_What the task asks_
Pictures aside, write out every record exactly as it appears.

Source data
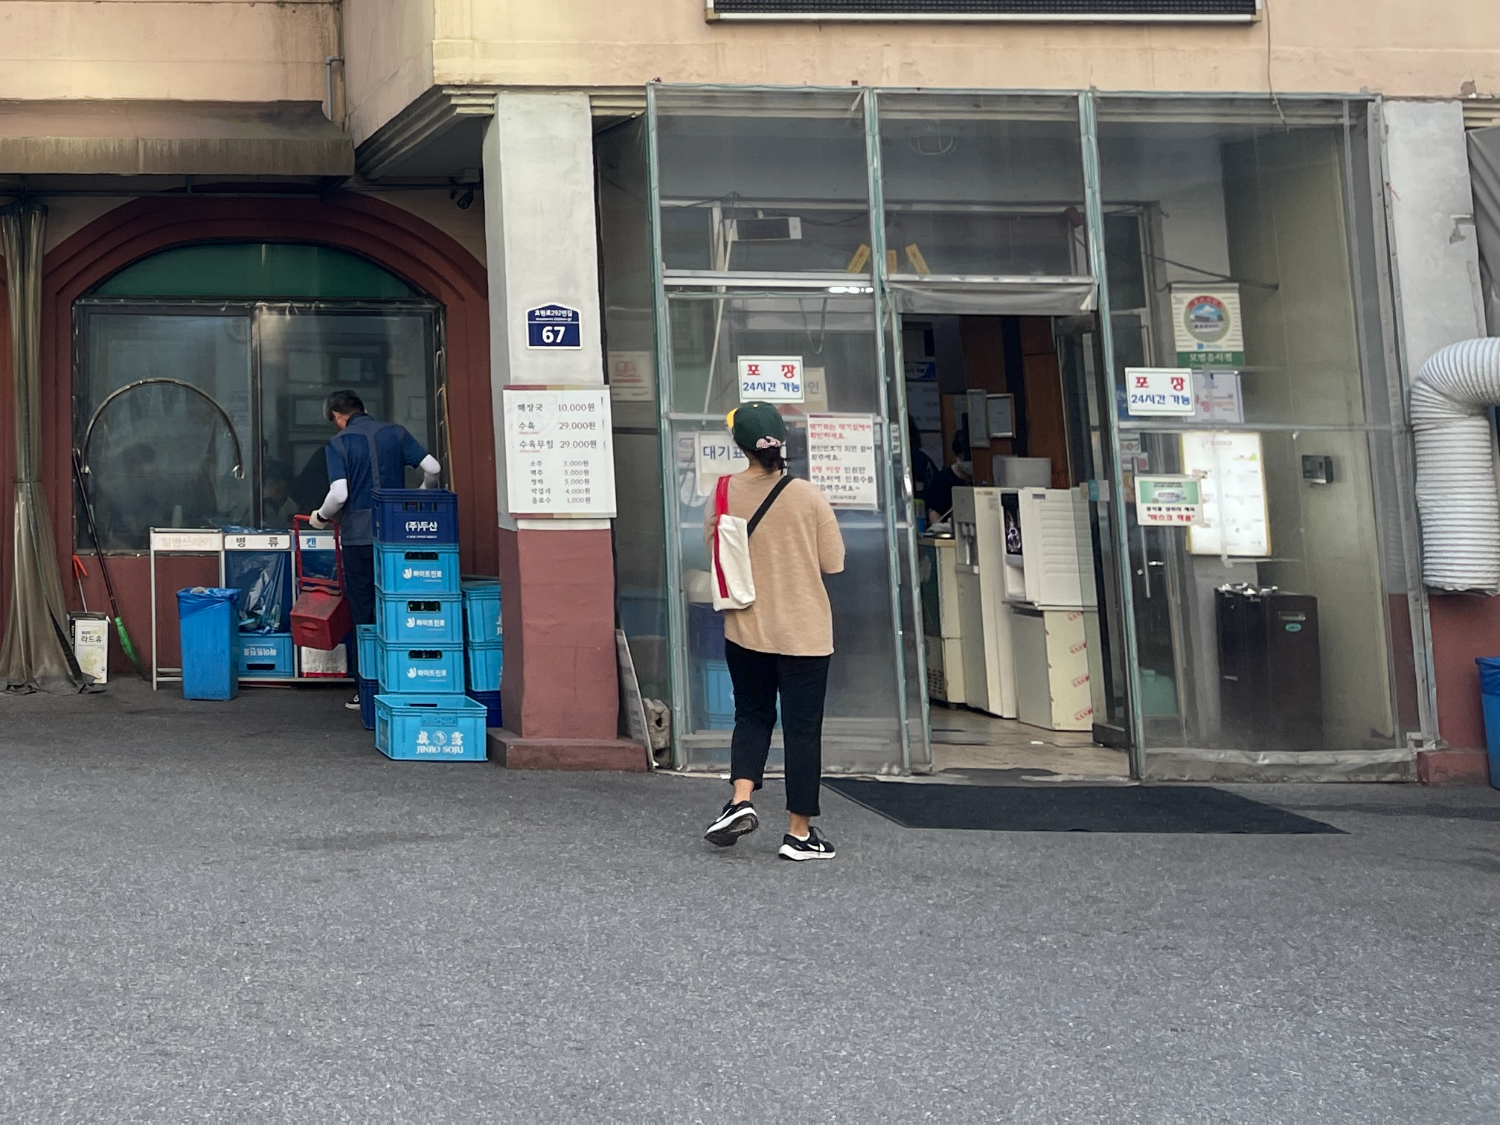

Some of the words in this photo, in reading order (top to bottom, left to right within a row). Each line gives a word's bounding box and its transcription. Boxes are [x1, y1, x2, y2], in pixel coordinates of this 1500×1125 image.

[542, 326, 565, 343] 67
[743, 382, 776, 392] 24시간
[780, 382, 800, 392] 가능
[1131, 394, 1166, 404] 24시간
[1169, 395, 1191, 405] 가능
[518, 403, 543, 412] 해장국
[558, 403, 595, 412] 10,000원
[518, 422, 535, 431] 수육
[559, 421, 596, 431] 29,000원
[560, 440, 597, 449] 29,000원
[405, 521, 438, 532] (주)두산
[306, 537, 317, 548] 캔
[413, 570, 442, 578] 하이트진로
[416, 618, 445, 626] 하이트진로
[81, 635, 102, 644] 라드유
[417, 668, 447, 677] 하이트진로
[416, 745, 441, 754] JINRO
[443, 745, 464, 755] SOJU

_Solution to this exercise_
Some of the words in this photo, in reading order (top to bottom, left to right within a row). Each line gives a word's bounding box and its transcription. Boxes are [x1, y1, x2, y2], in pixel coordinates of this 1500×1125 image.

[542, 326, 565, 343] 67
[743, 382, 776, 392] 24시간
[780, 382, 800, 392] 가능
[1131, 394, 1166, 404] 24시간
[1169, 395, 1191, 405] 가능
[518, 403, 543, 412] 해장국
[558, 403, 595, 412] 10,000원
[518, 422, 535, 431] 수육
[559, 421, 596, 431] 29,000원
[560, 440, 597, 449] 29,000원
[405, 521, 438, 532] (주)두산
[306, 537, 317, 548] 캔
[413, 570, 442, 578] 하이트진로
[416, 618, 445, 626] 하이트진로
[81, 635, 102, 644] 라드유
[417, 668, 447, 677] 하이트진로
[416, 745, 441, 754] JINRO
[443, 745, 464, 755] SOJU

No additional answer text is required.